How did anyone decide which banks get bailed out and which would fail?
If they’re friends of Goldman Sachs they live; otherwise they die.
what ecahn says. :(
I’m really tired of this class distinction everyone talks about. I thought that we could transcend this, and that America was better than this.
I think of India and the “Untouchables”.
There is another risk with the drag-the-dead-cat strategy, it allows more time to inflate a new bubble (which allows more theft) and then a harder crash.
The core of the problem is that everyone came in and inflated everything to squeeze as much as possible, even on a good day most people were starting to fall off the edge. With the current problems its like lemmings going over the edge. For example as buyer of last resort we were paying (not me but the royal we) $100 bucks for a $10 pair of jeans.
I hope they give us some bread and circus with some Bush trials at least. Be nice to see some criminals go down as we scrape for a thin potato stew (on a good day).
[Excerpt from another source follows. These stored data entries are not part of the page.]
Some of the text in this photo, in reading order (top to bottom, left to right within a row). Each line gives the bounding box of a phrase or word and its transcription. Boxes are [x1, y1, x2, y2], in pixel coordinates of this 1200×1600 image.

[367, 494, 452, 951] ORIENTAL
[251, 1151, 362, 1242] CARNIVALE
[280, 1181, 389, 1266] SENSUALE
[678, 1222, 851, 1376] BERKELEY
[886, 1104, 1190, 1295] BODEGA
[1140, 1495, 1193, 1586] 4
Shit. I just had a tenant call me…a tenant of 10 years…ask if I had something for less money.
I love these folks.
Krugman argues in his book Depression Economics, that there are no more possible bubbles, only depression, or salvation from depression. I had been thinking about the next bubble long before I read the book, and couldn’t come up with what it might be or how it might arise. So Krugman rings true. Besides bubble stem from monetary policy and the FRB has shot its wad. The only way to bail the economy out is fiscal policy and I am unaware of any bubbles that have thus arisen (though I’m not an expert in economic history).
new post
Ian !
O/T … do you think Iggy gambled away the Coalition, thinking that he’ll be able to form a majority Gov’t in 2010 ?
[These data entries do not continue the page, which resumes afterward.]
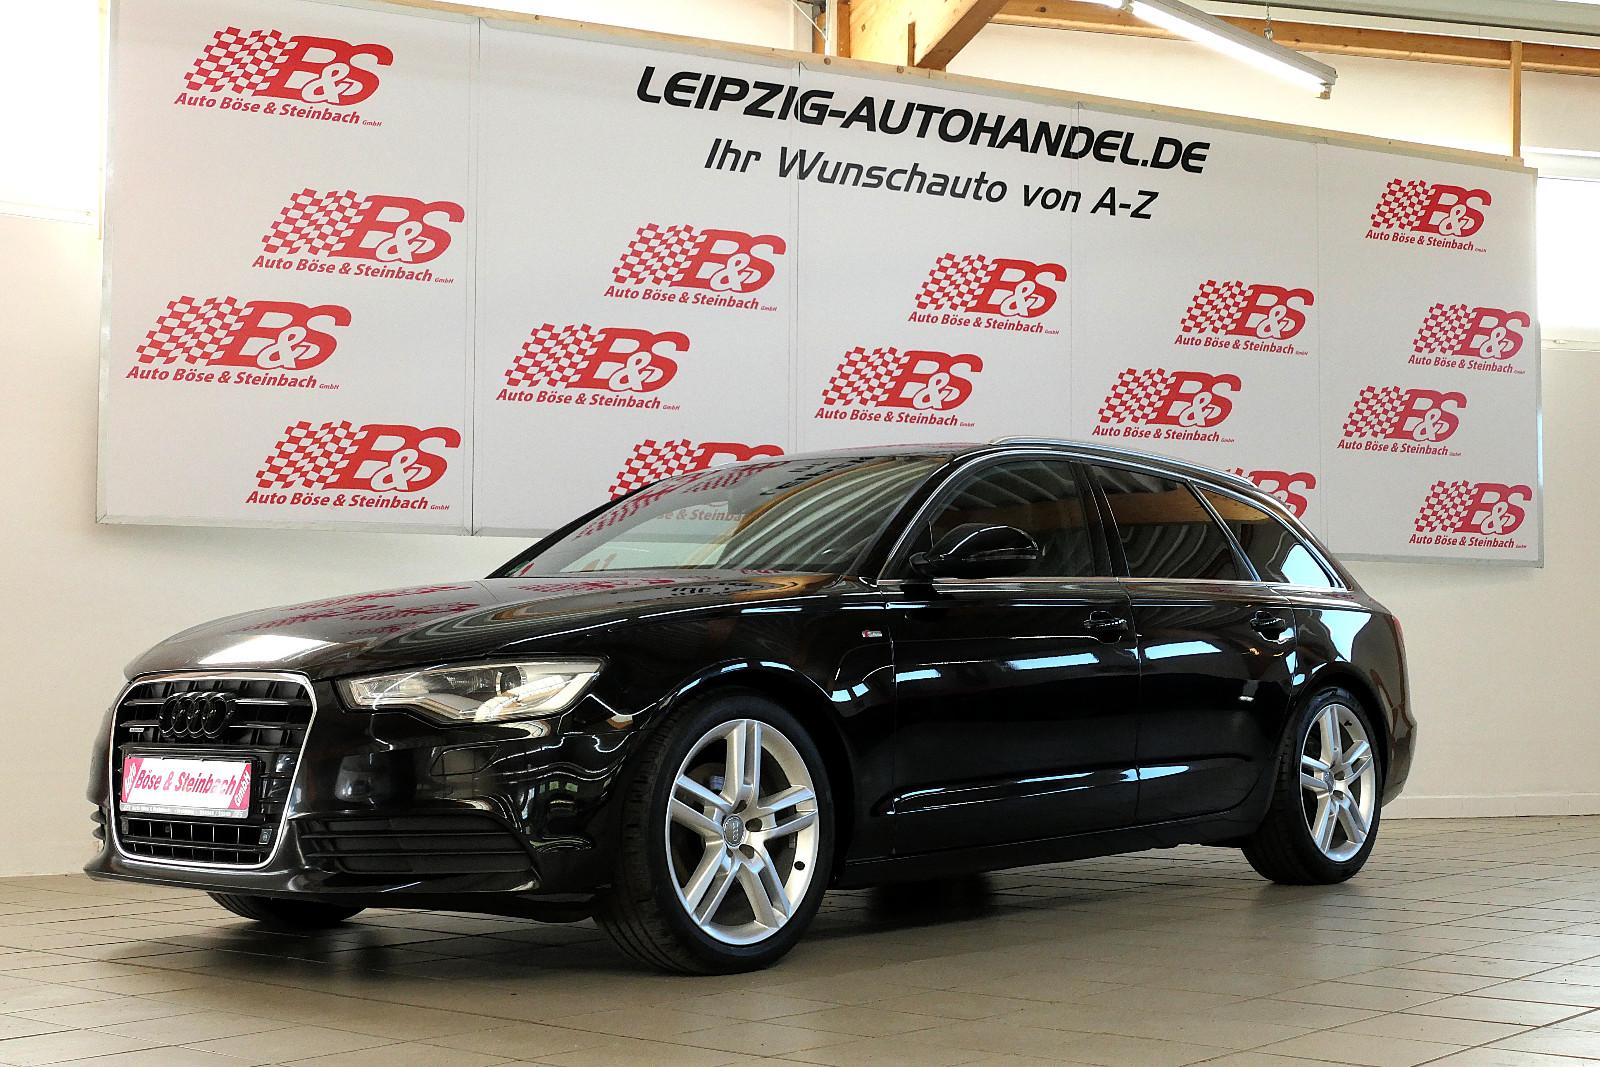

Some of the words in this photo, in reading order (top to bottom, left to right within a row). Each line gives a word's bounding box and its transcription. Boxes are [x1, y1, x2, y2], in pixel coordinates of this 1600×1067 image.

[174, 92, 217, 108] Auto
[219, 97, 260, 113] Böse
[263, 102, 276, 115] &
[279, 103, 360, 125] Steinbach
[362, 119, 382, 127] GmbH
[636, 65, 1211, 174] LEIPZIG-AUTOHANDEL.DE
[704, 138, 762, 173] Ihr
[778, 146, 1008, 203] Wunschauto
[1023, 184, 1082, 213] von
[1090, 186, 1160, 219] A-Z
[1365, 229, 1390, 241] Auto
[1391, 232, 1415, 244] Böse
[1416, 235, 1424, 245] &
[1426, 236, 1473, 252] Steinbach
[251, 255, 293, 270] Auto
[295, 258, 336, 274] Böse
[338, 262, 351, 275] &
[354, 263, 432, 282] Steinbach
[603, 285, 639, 300] Auto
[641, 288, 676, 302] Böse
[678, 292, 689, 304] &
[691, 292, 759, 310] Steinbach
[907, 311, 939, 324] Auto
[940, 314, 970, 327] Böse
[972, 317, 982, 328] &
[984, 317, 1043, 334] Steinbach
[1174, 334, 1202, 347] Auto
[1203, 336, 1230, 349] Böse
[1232, 339, 1240, 350] &
[1242, 340, 1294, 355] Steinbach
[1407, 354, 1432, 366] Auto
[1433, 356, 1457, 368] Böse
[1458, 359, 1465, 369] &
[1467, 359, 1513, 374] Steinbach
[125, 366, 169, 381] Auto
[172, 368, 214, 383] Böse
[217, 371, 230, 384] &
[234, 371, 317, 389] Steinbach
[495, 388, 533, 402] Auto
[536, 390, 572, 404] Böse
[574, 393, 586, 405] &
[589, 393, 661, 410] Steinbach
[814, 407, 848, 420] Auto
[849, 409, 881, 422] Böse
[883, 411, 893, 423] &
[896, 411, 958, 427] Steinbach
[1091, 425, 1121, 437] Auto
[1122, 426, 1151, 438] Böse
[1152, 428, 1162, 439] &
[1163, 428, 1219, 443] Steinbach
[1337, 439, 1363, 450] Auto
[1364, 440, 1389, 452] Böse
[1390, 442, 1398, 452] &
[1400, 442, 1448, 456] Steinbach
[245, 490, 287, 505] Auto
[290, 492, 330, 506] Böse
[333, 494, 345, 507] &
[348, 494, 428, 510] Steinbach
[1408, 534, 1433, 545] Auto
[1434, 535, 1458, 546] Böse
[1459, 536, 1466, 546] &
[1468, 536, 1515, 549] Steinbach
[135, 769, 162, 791] Böse
[163, 771, 175, 791] &
“There are a lot of moving parts on this, and I’ve oversimplified this a fair bit. Nonetheless, at this time, these seem to be the main options under consideration. Which one do you prefer?”
Thank you for simplifying it to make it digestable.
Could there not be some other way that one of these alledged “exemption worthy” people come up with?
Could there be a way to track where some of these trillions went and take it back? Or tax income over $400K at 100%, etc?
Give the choices I would say let it blow up now as long as everyone will get treated the same. What do you do about the people that “earned” or “stole” millions and billions where the hard working bloke broke their back?
Any chance this was just a body blow to boomers who thought they were going to dump all their waste and destruction on the kids or grandkids? Shows if you are not rich you will not escape – funny how it blew up only 6 – 12 months after they started to retire. Leave the money on the table long enough and the house will come and take it (and slap you in the face for good measure).
There is a vacancy in a house for which I am the reluctant landlord. Potential incoming renter needs rent reduction to be able to swing it. These are folks who have disabilities. I hate what we’re doing to ourselves and each other.
Good point, no more Gjeni back in the bottle. I guess as I noted everything has already been bleed out of folks.
At least all the people that were not in the housing market over the last 4 – 10 years have a leg up.
I heard her on DN too. Tellin’ it like it is. We gotta work on getting her and 2 others like her on each of the Sunday bobbleheadfests and make some heads explode on those sets. One Sunday. Do ‘em all.
a couple more links before i bail:
The Untold Daschle Story: The Blacklisting of Progressive Economics
The Obama banks plan: All he is saying is give plutocracy another chance
Not having to pay interest on our money would be nice, hey maybe they could even charge interest (to any private banks or credit worthy housing – 3% 30 year fixed would do wonders for the household budget and allow more spending).
For infrastructure or major stim I think:
-science (teaching jobs, US SCI-SOLAR Core, education)
-engineering (teaching jobs, US ENG-SOLAR Core, education)
-solar/wind/etc
-general education
- mass transit
- mortage transfer (to 3% from the government)
There has to be some constuction:
- water
- roads
- and as noted mass transit
- maybe some insulation type projects
As noted pay people to get something, not just extra millions for the klepto-class. If we are all in the same boat working together it won’t be as Depressing.
Hard to fathom how the robber barons would deal with a quick drop, I think they would give to us upside the head with blunt objects even more than before.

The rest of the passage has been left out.